:: WORK ORDER ::
Each entry that follows is to be copied exactly, minus any pictures.

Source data
......
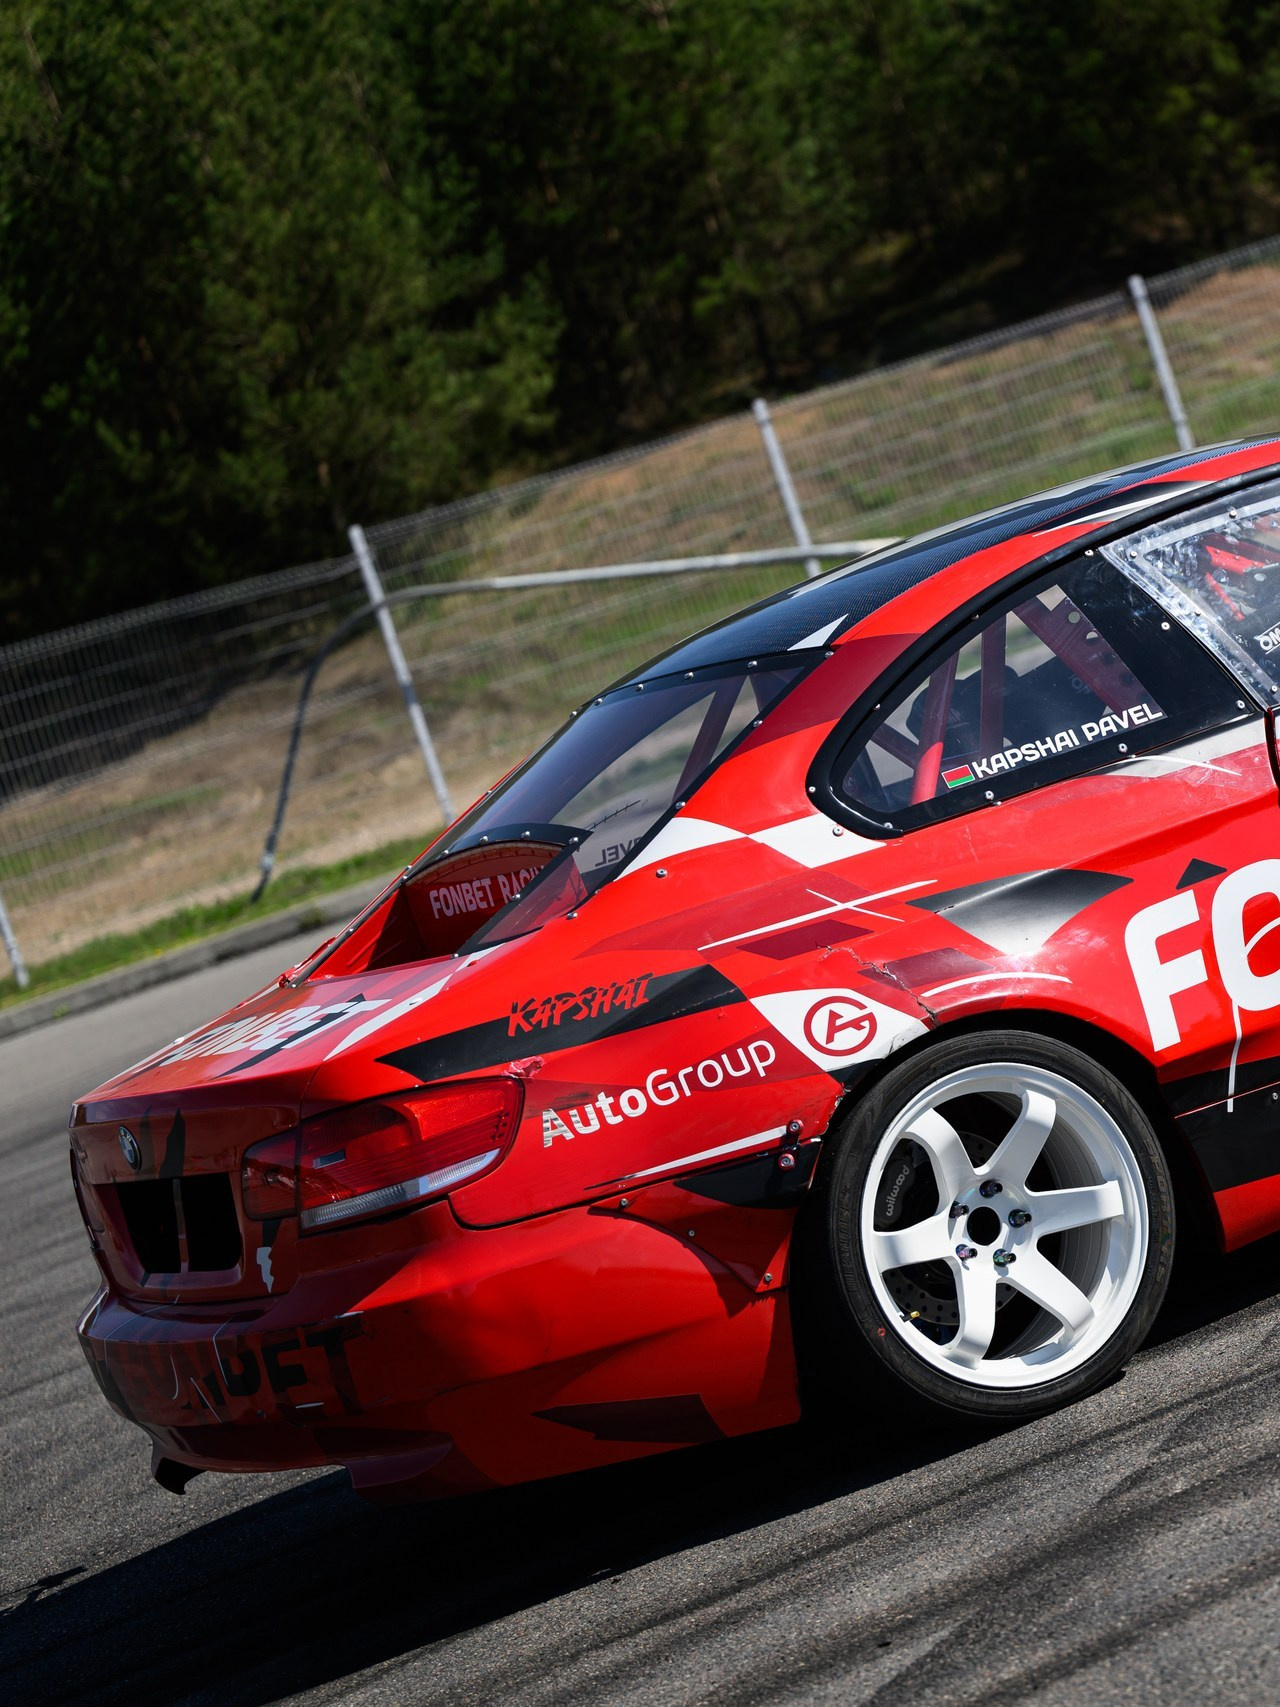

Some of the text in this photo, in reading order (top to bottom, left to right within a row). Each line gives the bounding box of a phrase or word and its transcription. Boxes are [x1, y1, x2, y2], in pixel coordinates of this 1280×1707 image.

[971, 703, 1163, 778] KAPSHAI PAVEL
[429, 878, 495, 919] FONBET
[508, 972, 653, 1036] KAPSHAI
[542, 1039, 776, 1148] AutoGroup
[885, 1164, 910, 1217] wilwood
......
:: REPLY TO THE EXERCISE ::
Some of the text in this photo, in reading order (top to bottom, left to right within a row). Each line gives the bounding box of a phrase or word and its transcription. Boxes are [x1, y1, x2, y2], in pixel coordinates of this 1280×1707 image.

[971, 703, 1163, 778] KAPSHAI PAVEL
[429, 878, 495, 919] FONBET
[508, 972, 653, 1036] KAPSHAI
[542, 1039, 776, 1148] AutoGroup
[885, 1164, 910, 1217] wilwood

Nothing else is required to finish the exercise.